Não sei exatamente qual é a sua área de atuação profissional, mas muito provavelmente tem algum senso comum relacionado a ela que você, pessoa que tem conhecimento de dentro, sabe que não é bem assim. Muito provavelmente também você desiste de engajar em explicar essa questão pra todo mundo a uma certa altura porque o senso comum nem sempre pode ser questionado tão facilmente - é preciso movimentações maiores para abalar suas estruturas.
Quando ouço falar em ingredientes tóxicos, tenho essa sensação e já explico um dos motivos - tem mais, que trarei em outra newsletter. Na seleção de nossos ingredientes, não trabalhamos com sintéticos nem os potencialmente tóxicos, e esses são pontos inegociáveis aqui. O impacto de nossa escolha é grande e nossa responsabilidade socioambiental precisa ser também. Trabalhamos apenas com matérias primas naturais, biodegradáveis e que até o momento não demonstraram nenhum tipo de risco para o uso humano correto.
Mas pra além da toxicidade direta de quando consumimos algo, queria lembrar da toxicidade indireta e outras questões que caminham juntas. Enquanto indivíduos nós podemos, caso tenhamos condições financeiras, optar por consumir alimentos e cosméticos orgânicos, por exemplo. Essa é uma opção excelente pra todos os envolvidos e viabiliza a existência de milhares de pequenos agricultores comprometidos com a agroecologia, tão essenciais em tempos como os nossos.
Mas infelizmente não impede que a gente consuma agrotóxicos na água, por exemplo. Ou no ar. Sul, Sudeste e Centro-oeste são campeões em contaminação pela presença massiva do agronegócio nessas regiões, ainda que a gente escolha não consumir dele. Podemos também tentar fugir individualmente da água contaminada e instalar um filtro especial, o que não impedirá que o meio ambiente, toda a vida aquática e outros milhões de seres humanos se contaminem.

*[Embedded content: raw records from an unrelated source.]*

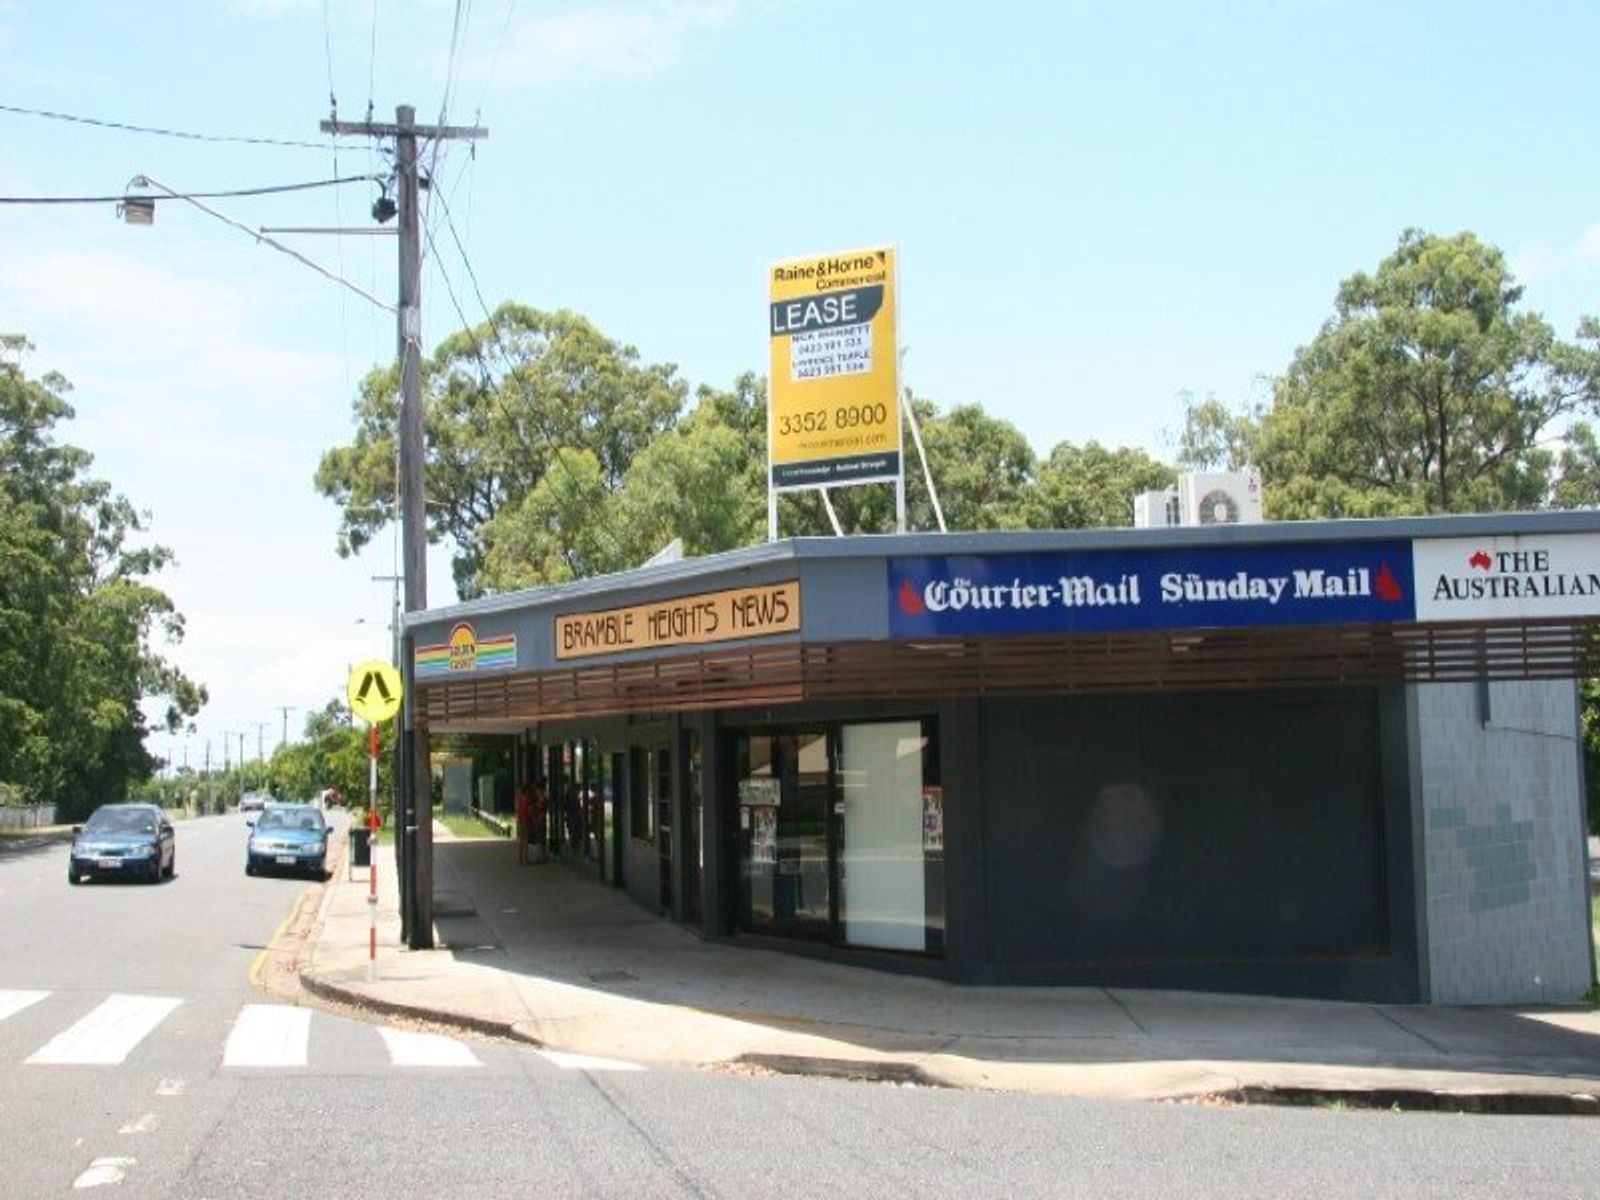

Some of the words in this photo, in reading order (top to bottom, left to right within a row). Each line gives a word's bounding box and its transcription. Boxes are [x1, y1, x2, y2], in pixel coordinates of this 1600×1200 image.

[816, 271, 886, 291] Commercial
[773, 294, 857, 332] LEASE
[779, 409, 828, 435] 3352
[835, 402, 887, 429] 8900
[1496, 550, 1549, 573] THE
[1160, 571, 1288, 604] Sunday
[1292, 568, 1370, 599] Mail
[563, 613, 634, 650] BRAMBLE
[648, 602, 719, 641] HEIGHTS
[731, 590, 789, 629] NEWS

Por isso o convite que constantemente fazemos de ampliar as lentes pelas quais enxergamos e atuamos no mundo: pra gente lembrar que o agronegócio no cerrado nos atinge aqui no Sul e Sudeste mesmo que a gente tente fugir dele. Que não dá pra tentar limpar a própria moradia às custas de sujar a alheia. Que todos os seres adoecidos por esse modo de produção destrutivo estão intimamente conectados a nós de formas que mal conseguimos imaginar, de tão complexas. Que, por fim, não há eu e outro: é preciso entender que estamos todos no mesmo barco, em união e solidariedade para que ele siga por um caminho mais gentil para todos os seres, mesmo que precisemos atravessar marés turbulentas em alguns momentos.
Torço muito pra que esse debate possa ir cada dia além da fuga individual baseada no acesso a determinados bens considerados "limpos" e se aproxime cada vez mais de uma visão integral de nossa experiência no mundo. A ambição nessa intenção é grande, mas é com firmeza na direção dela que seguimos juntas. Depois de brotar, a fertilidade desse sentimento em nossos corações sempre será maior que qualquer toxicidade que exista mundo afora.